Exposição: Formas D’Água – Reflexão por transparência

Formas D’Água – Reflexão por transparência

A mostra tratará de relações entre produção artística, meio ambiente e contexto atual, homenageando um dos bens naturais mais preciosos. A apresentação de diversos tipos de imagens aquíferas e uma esperada recepção traça a linha curatorial. Eis que nesta mostra no MARCO (MS) serão traduzidas em obras plásticas as principais características da ÁGUA, e em particular, sua transparência, sua capacidade especular como reflexo de formas e cores com ou sem interferências.

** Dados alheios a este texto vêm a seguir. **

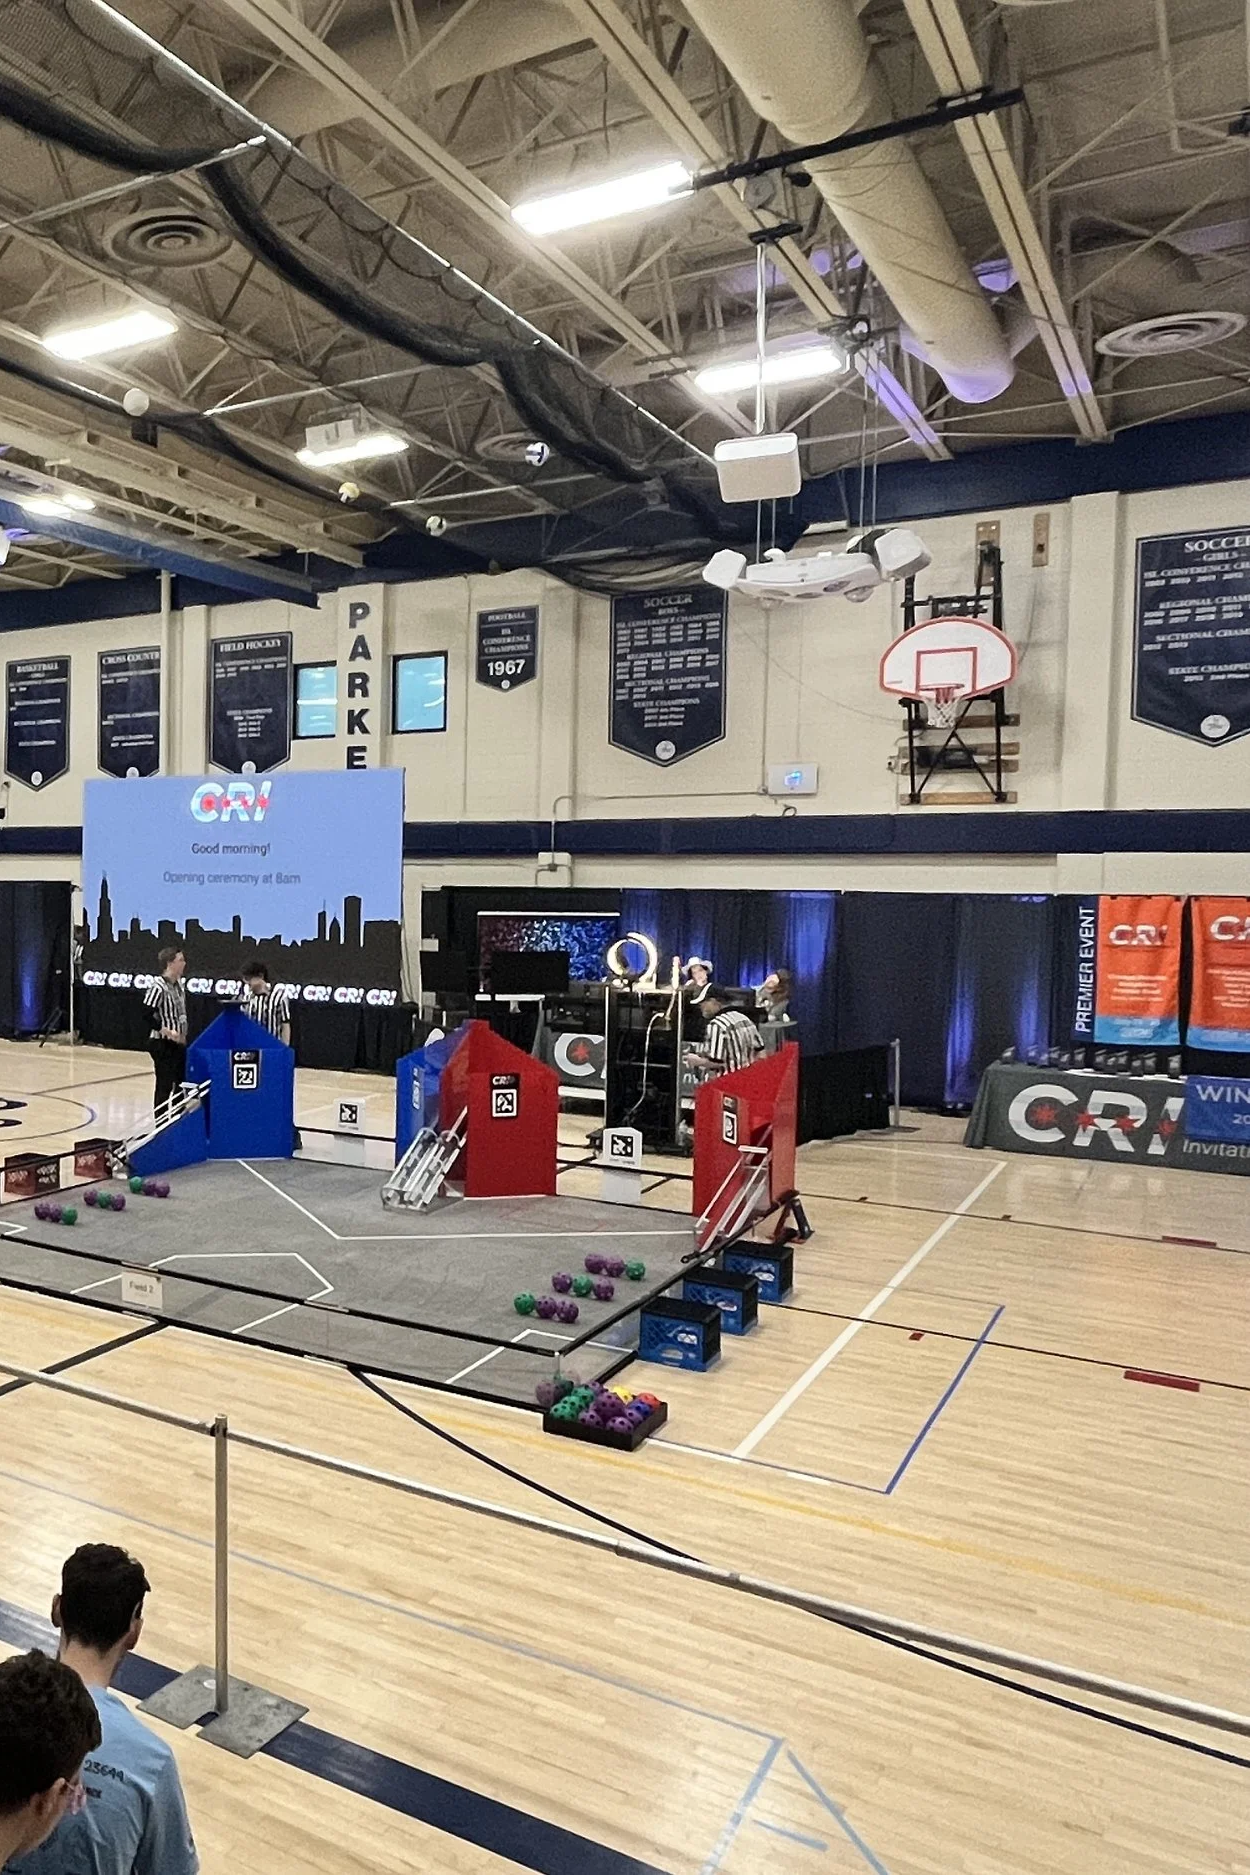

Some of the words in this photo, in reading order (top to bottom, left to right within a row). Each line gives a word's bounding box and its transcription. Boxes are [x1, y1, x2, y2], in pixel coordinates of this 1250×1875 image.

[1203, 552, 1239, 561] GIRLS
[644, 594, 693, 608] SOCCER
[220, 642, 244, 652] FIELD
[246, 639, 281, 650] HOCKEY
[484, 644, 529, 654] CHAMPIONS
[102, 655, 126, 665] CROSS
[127, 651, 160, 662] COUNTR
[487, 659, 525, 676] 1967
[347, 602, 372, 770] PARKE
[191, 843, 219, 855] Good
[222, 843, 271, 857] morning!
[163, 872, 205, 885] Opening
[208, 874, 259, 886] ceremony
[262, 873, 272, 884] at
[1079, 906, 1096, 958] EVENT
[1075, 962, 1094, 1033] PREMIER
[1008, 1084, 1185, 1155] CRI
[84, 1759, 124, 1782] 23644

O tema específico escolhido para o contexto sul-mato-grossense, Reflexão por transparência, nos fará lembrar a qualidade de onde surgiu a imanência de Narciso, um dos mitos fundadores da pintura, no qual a beleza foi impreterivelmente retida na imagem. Na arte de Patrícia Claro, arte e natureza muitas vezes diluída no passo avassalador da tecnologia se converte em geradores de sentidos e de enlaces duradouros entre reflexão/imagem, olhar/consciência, compromisso social/tecnologia que nos leva a refletir sobre o problema da água uma vez sublimada.

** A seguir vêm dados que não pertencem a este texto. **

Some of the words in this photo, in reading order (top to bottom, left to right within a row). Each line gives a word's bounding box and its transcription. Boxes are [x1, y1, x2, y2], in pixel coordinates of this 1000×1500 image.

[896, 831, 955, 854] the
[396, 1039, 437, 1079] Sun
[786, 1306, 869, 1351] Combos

Sendo considerada uma artista multimídia, ela encontra com a diversidade dos reflexos produzidos pela água uma fonte infinita de imagens e as transforma em arte. A pintura de Patrícia Claro utiliza meios digitais e os detalhes são recortados digitalmente como preâmbulo de um processo que depois é plasmado no pigmento sobre o linho. Assim, também, realiza vídeos e põe em uso outras linguagens para mostrar as possibilidades artísticas da água. Algumas das obras ganham força com a música experimental do compositor chileno Max Zegers artista experiente na criação de trilhas sonoras.

Com um trabalho que discute interface entre artes visuais e indústria desde o processo criativo, o importante conceito da Economia Criativa é posto em prática. A oportunidade de exibir o seu trabalho no Brasil, país com maior concentração de água no mundo serve como espaço de reflexão sobre a diversidade e a unicidade dos biomas aqui encontrados.

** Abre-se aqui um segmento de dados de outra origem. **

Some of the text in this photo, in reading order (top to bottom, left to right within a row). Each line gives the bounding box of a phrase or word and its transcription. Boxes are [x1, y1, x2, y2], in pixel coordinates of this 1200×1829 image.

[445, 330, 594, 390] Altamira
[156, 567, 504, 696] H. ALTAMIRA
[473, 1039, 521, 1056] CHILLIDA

Em Mato Grosso do Sul, o resultado da sua residência realizada com o auxílio do ICMBIO – Instituto Chico Mendes, a artista tomou como cenário o famoso ecossistema de Bonito apresentando a série Águas Perdidas (2015). Após estudar as várias acepções que tomavam o rio em seu trajeto escolheu fixar o interesse da sua representação nas chamadas Lagunas Perdidas, nome dado a este lugar quase virgem e que fundamenta parte de seu objeto de estudo. Aqui ela se depara pela primeira vez com um rio que não está situado no Chile e que provém do Aquífero Guarani, o maior manancial de água subterrânea do mundo.

Estas lagunas ostentam uma profundidade e transparência que chegam a ser, ao dizer da artista, um verdadeiro mosaico com capacidade extrema de absorver e recriar camadas aquosas e tudo o que está ao seu redor. Na obra da artista o destaque foi concedido às cores e à ramagem formada pelos juncos, vegetação que oscila dentro e fora da água. Seu método é seguir a luz em verticalidade até o mais fundo possível de ser alcançado pela visão. O resultado final é a transparência das águas sereníssimas da superfície e a sua beleza estonteante e hipnótica.